There’s what we believe, and there’s what is true. Sometimes those two things align; often, unfortunately, they don’t.

Most of us have yet to sink to Trumpian levels–in fact, it never ceases to amaze me that Trump can tweet out some nonsense, or make an idiotic statement at a news conference, then blandly deny that he said any such thing. It takes a certain type of mental illness to forget that there is actual evidence rebutting you.

We may not approach Trumpian levels, but most of us do cling to certain “truths” that we desperately want to believe. I’m no different–it took me a long time, well into adulthood, before I realized that my view of America’s past was seriously deficient–heavy on the Founders’ ideals, light on some of their slaveholding behaviors, and pretty much void of what was done to Native Americans, among other things.

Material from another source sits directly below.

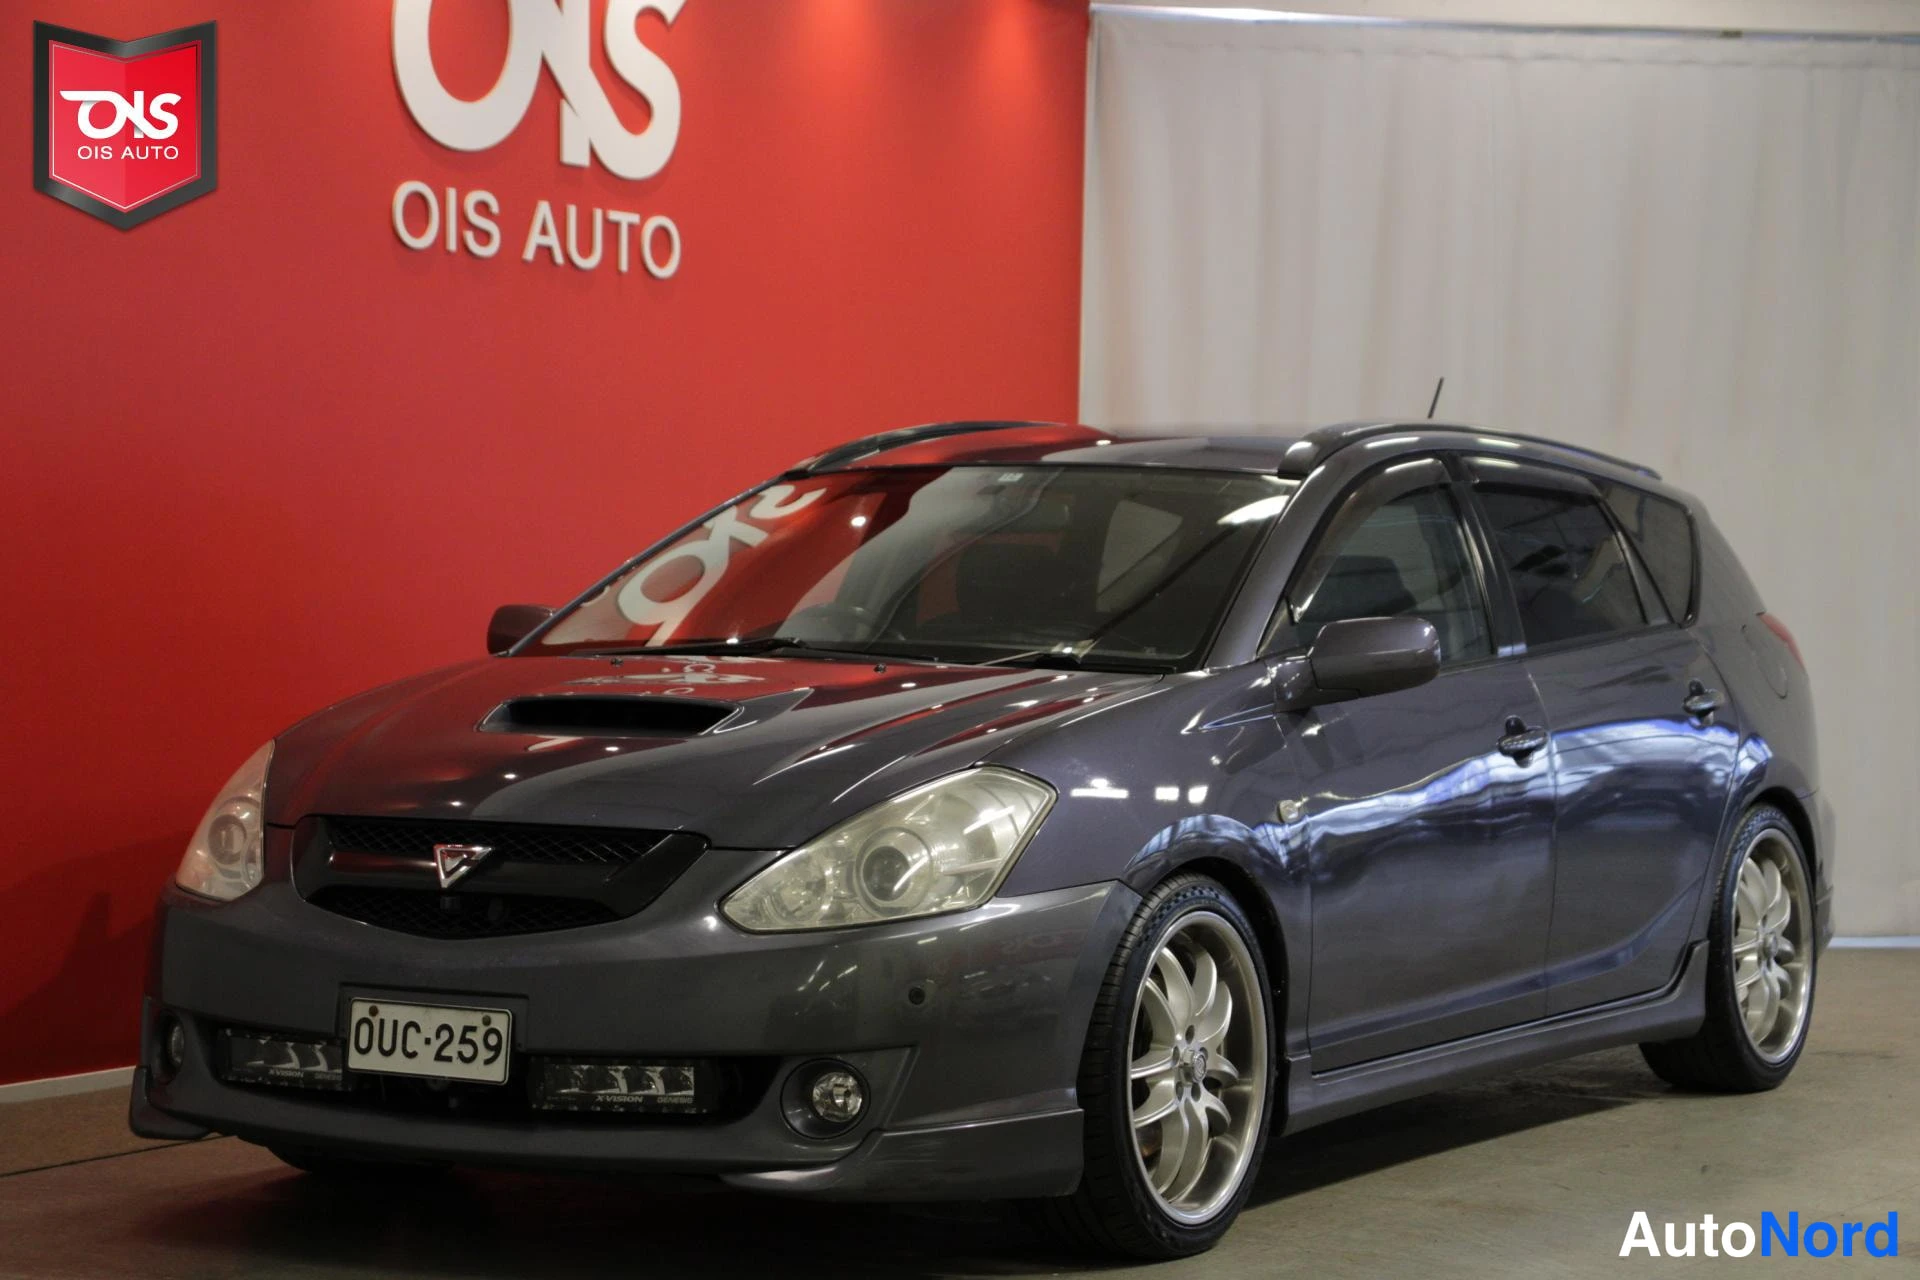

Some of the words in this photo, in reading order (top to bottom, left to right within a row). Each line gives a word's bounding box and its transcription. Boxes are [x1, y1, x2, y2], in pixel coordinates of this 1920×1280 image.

[392, 0, 686, 180] OIS
[392, 180, 501, 258] OIS
[522, 199, 681, 279] AUTO
[354, 1016, 503, 1066] OUC-259

Then there were my fond beliefs about America vis a vis other countries. Social mobility. Equality. Rule of law.

I now know–unfortunately–that our once-vaunted social mobility is worse than that of many countries. This helpful infographic shows us 27th--not dead last, but not exactly in bragging rights territory.

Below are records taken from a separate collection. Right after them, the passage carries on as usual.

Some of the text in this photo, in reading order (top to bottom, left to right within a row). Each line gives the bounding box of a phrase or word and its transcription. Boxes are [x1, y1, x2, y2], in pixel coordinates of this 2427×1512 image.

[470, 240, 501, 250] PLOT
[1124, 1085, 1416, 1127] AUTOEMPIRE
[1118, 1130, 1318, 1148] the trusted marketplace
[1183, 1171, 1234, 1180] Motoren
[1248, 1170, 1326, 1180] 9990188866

In the Age of Orange, I’m not even going to talk about the rule of law; as a concept, it’s  beyond Trump’s limited intellect, and as a principle, it has apparently been abandoned by the Mitch McConnell wing of the Supreme Court.

And then there’s equality.

Now, as I tell my students, there are a lot of different ways to think about equality: genuinely religious people will say that we are all equal in the eyes of God; our constitution  requires government to treat equally-situated people equally, irrespective of the color of their skin or the beliefs they embrace.

And clearly, we don’t come into the world equally talented or beautiful or intelligent…

But about civic equality as a goal: Another visualization I stumbled across recently–this one from Time Magazine– made me aware of just how unequal Americans are. It uses neighborhood data to pinpoint metropolitan areas with high and low levels of equal opportunity, by searching for areas with relatively small gaps between the highest- and lowest-ranked neighborhoods. (It didn’t help my frame of mind that my own city, Indianapolis, was represented by a dark red dot indicating highly unequal neighborhoods.)

As the text explained:

This information is useful because, even when places have the same opportunity level overall, actually living in those cities can be a very different experience. For example, Colorado Springs and Detroit both score an overall opportunity level of 55. But in Colorado Springs, a typical high-opportunity neighborhood scores an 87 and a typical low-opportunity one scores 24. That might seem like a huge gap. But Detroit’s high is 95 and its low is 2: a much less equal city.

The problem was, when we found areas with small gaps between neighborhoods, those cities tended to be racially homogenous. In other words, children in Provo, Utah, and Boise, Idaho, have access to comparatively equal opportunities, regardless of which neighborhoods they live in—but those cities are more than 80% white.

When combined, in all 100 metro areas covered by the study, neighborhoods where white children lived had a median score of 73. The median neighborhood score for Asian children was 72. It was 33 for Hispanic children and 24 for black children. Black and Hispanic kids live with considerably less opportunity than their white and Asian peers almost without exception.

The disparities are especially wide in certain parts of the country. Milwaukee and its surrounding area has the widest racial disparity in the U.S., despite having a high overall opportunity score. A white child there lives in a neighborhood with a median opportunity score of 85. For a black child, the median neighborhood score is 6.

Once this pandemic is over, there is a long “laundry list” of situations in our country requiring attention and repair. That list needs to be based on facts, not beliefs.

Add equalizing children’s prospects to that list–and put it near the top.